LA COMMUNAUTÉ,PIVOT DU RAYONNEMENT CULTUREL ET SPIRITUEL DE L’ABBAYE

Nieul livre ses secrets

Colonne vertébrale et centre nerveux de l’abbaye, la communauté réunie en chapitre, délègue son pouvoir à l’abbé représentant et défenseur de ses intérêts. La crosse et le sceau attestent de son rôle. Au Moyen-âge, abbés, prieurs représentent l’autorité temporelle et spirituelle de l’abbaye sur l’ensemble de sa mouvance*.
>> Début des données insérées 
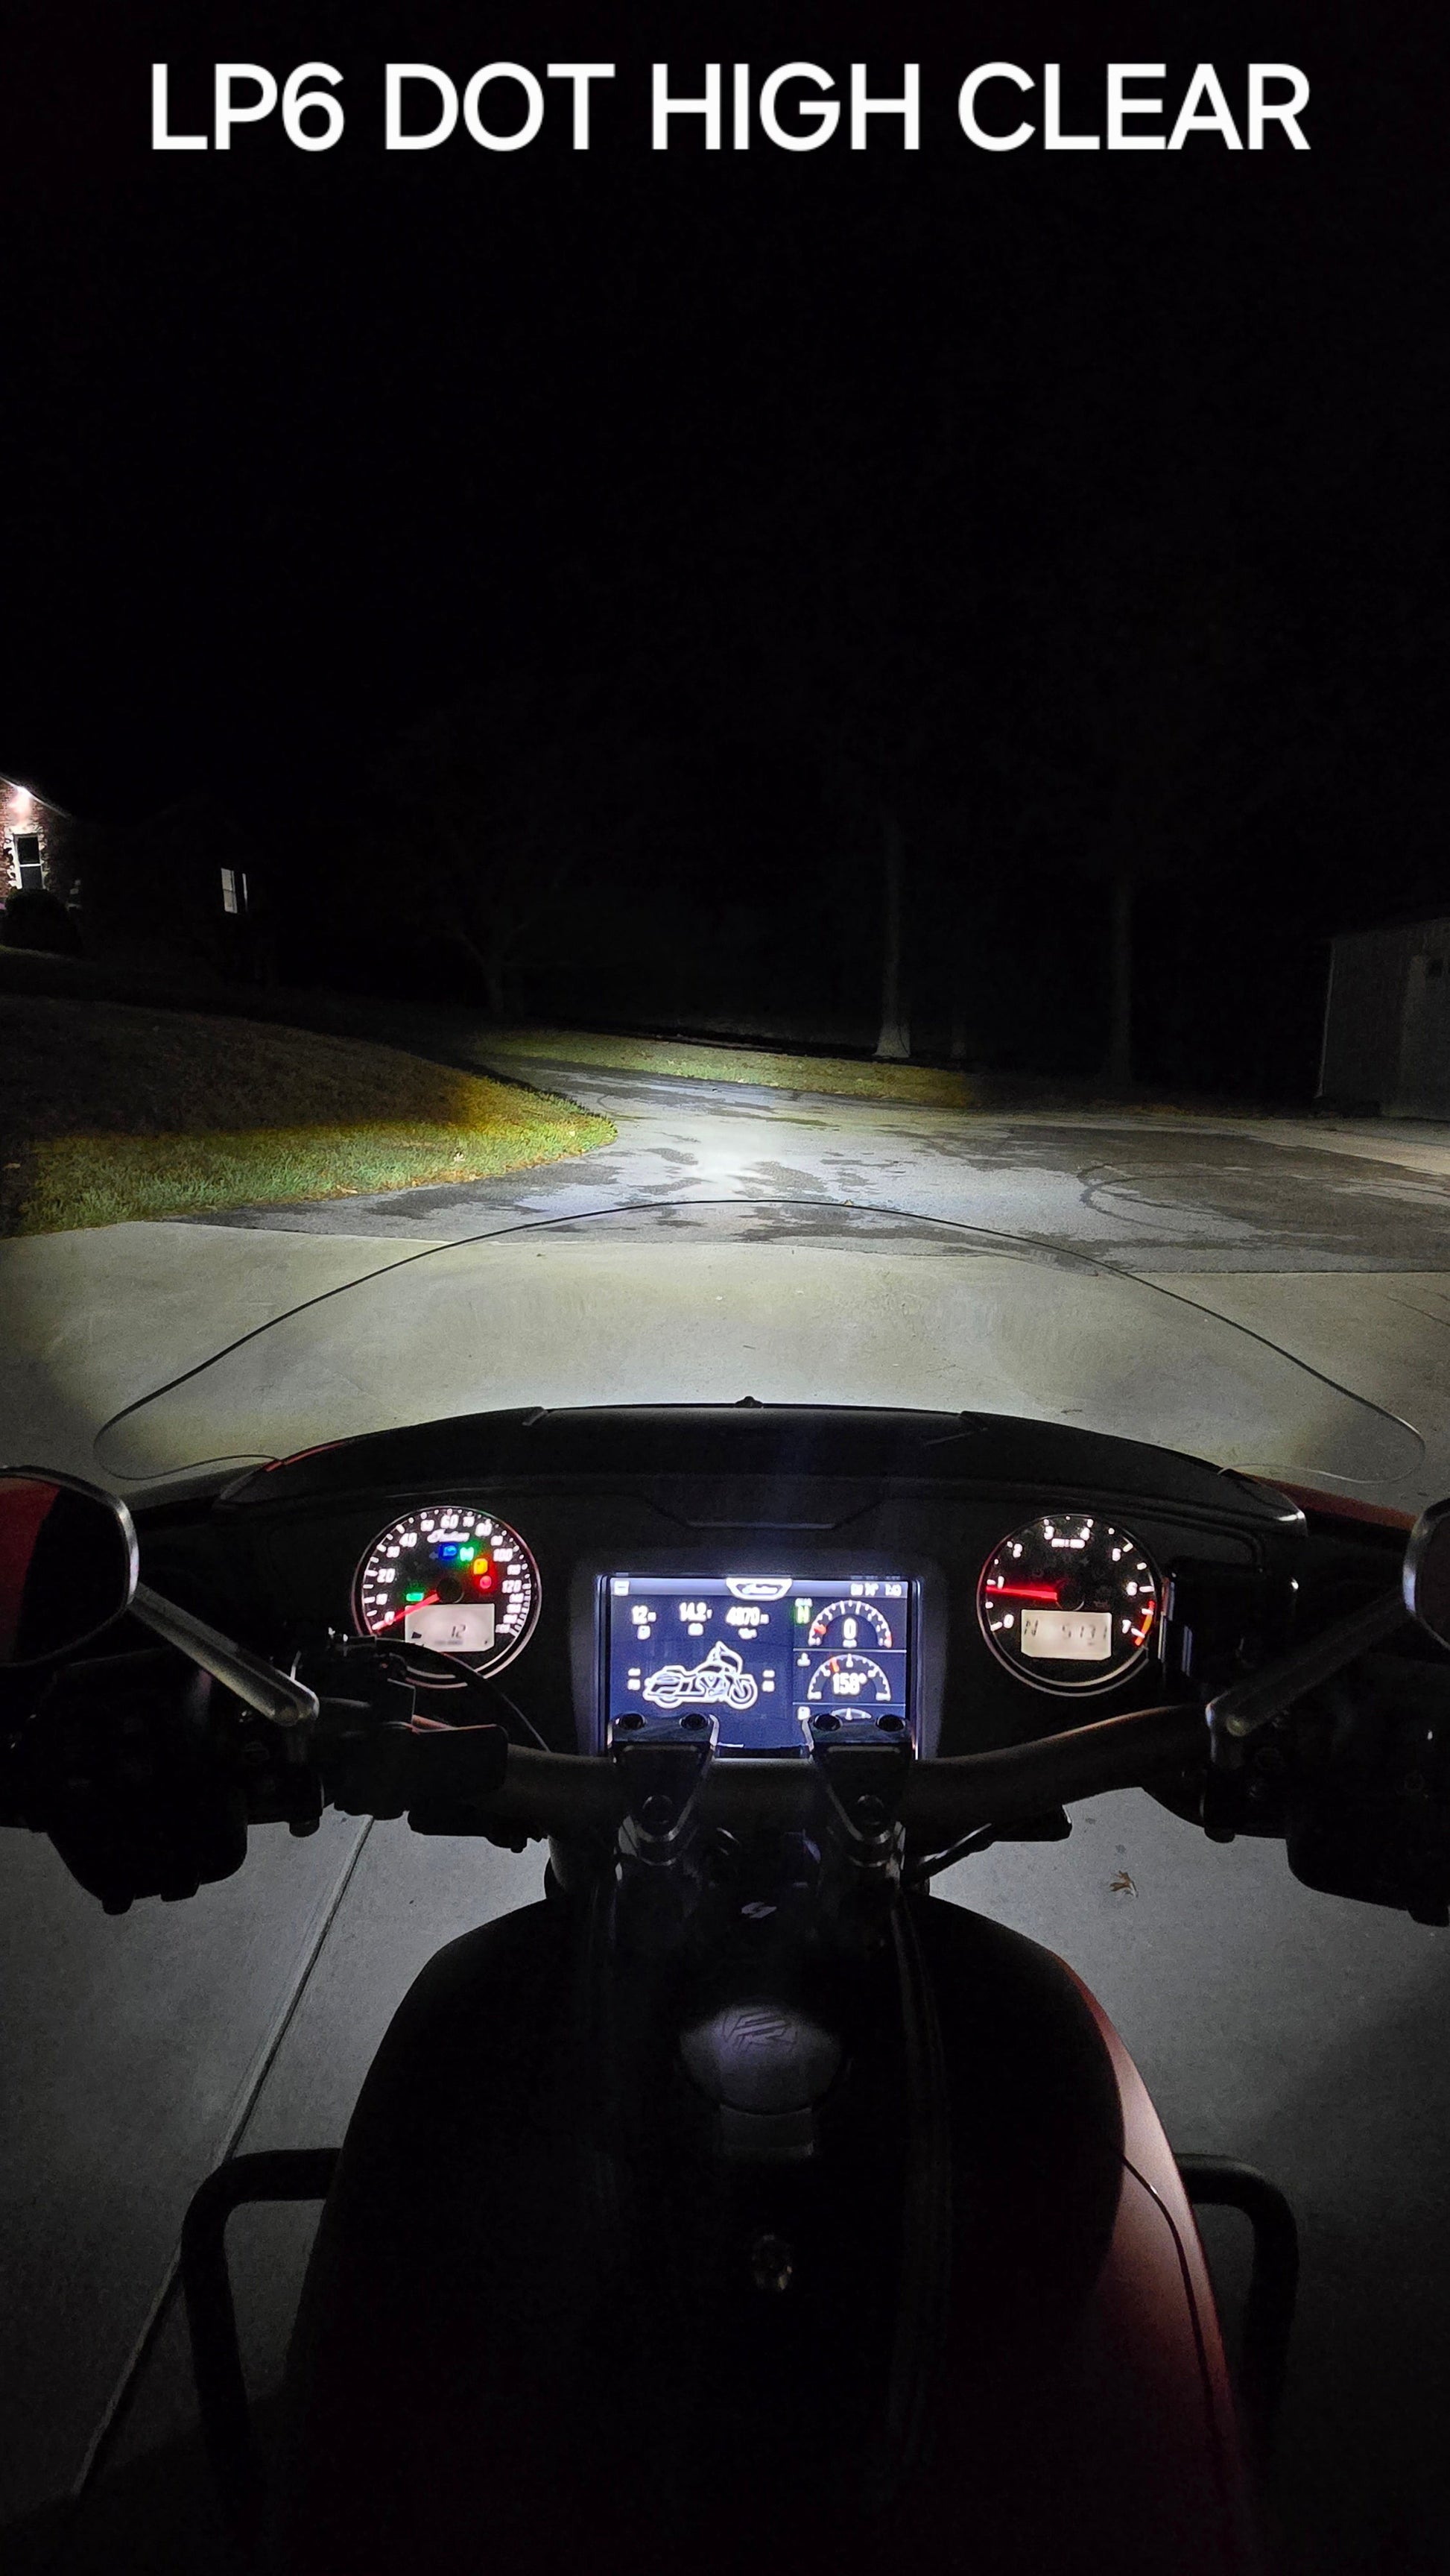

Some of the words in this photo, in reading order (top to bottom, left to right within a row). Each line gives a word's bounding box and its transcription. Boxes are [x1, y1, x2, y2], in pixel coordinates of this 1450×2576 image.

[440, 1515, 459, 1529] 60
[399, 1532, 417, 1547] 40
[1044, 1526, 1054, 1540] 3
[377, 1568, 395, 1582] 20
[502, 1579, 522, 1594] 120
[1127, 1582, 1137, 1596] 6
[843, 1617, 856, 1640] 0
[1004, 1614, 1014, 1629] 0
[1121, 1619, 1131, 1633] 7
[452, 1625, 467, 1639] 12
Le chapitre, pivot communautaire

La cohésion de la communauté se renforce à mesure que le domaine de l’abbaye s’accroit. La même entente soude les chanoines dans son en-tretien et son exploitation. L’abbé doit également avoir la permission du chapitre pour toute décision concernant un bien dans la mouvance* de l’abbaye. Du XIVe au début du XVIe siècle, à chaque vacance d’un abbé de l’abbaye de Nieul, un nouvel abbé est nommé sans qu’une élection en chapitre ait lieu.

Crosse de l'abbé de Nieul - XIIIe siècle - Musée du Moyen-âge - Hôtel de Cluny

Moulage du sceau en forme d’amande de l’abbaye de Nieul - Première moitié

du XIIIe siècle - ArchivesNationales.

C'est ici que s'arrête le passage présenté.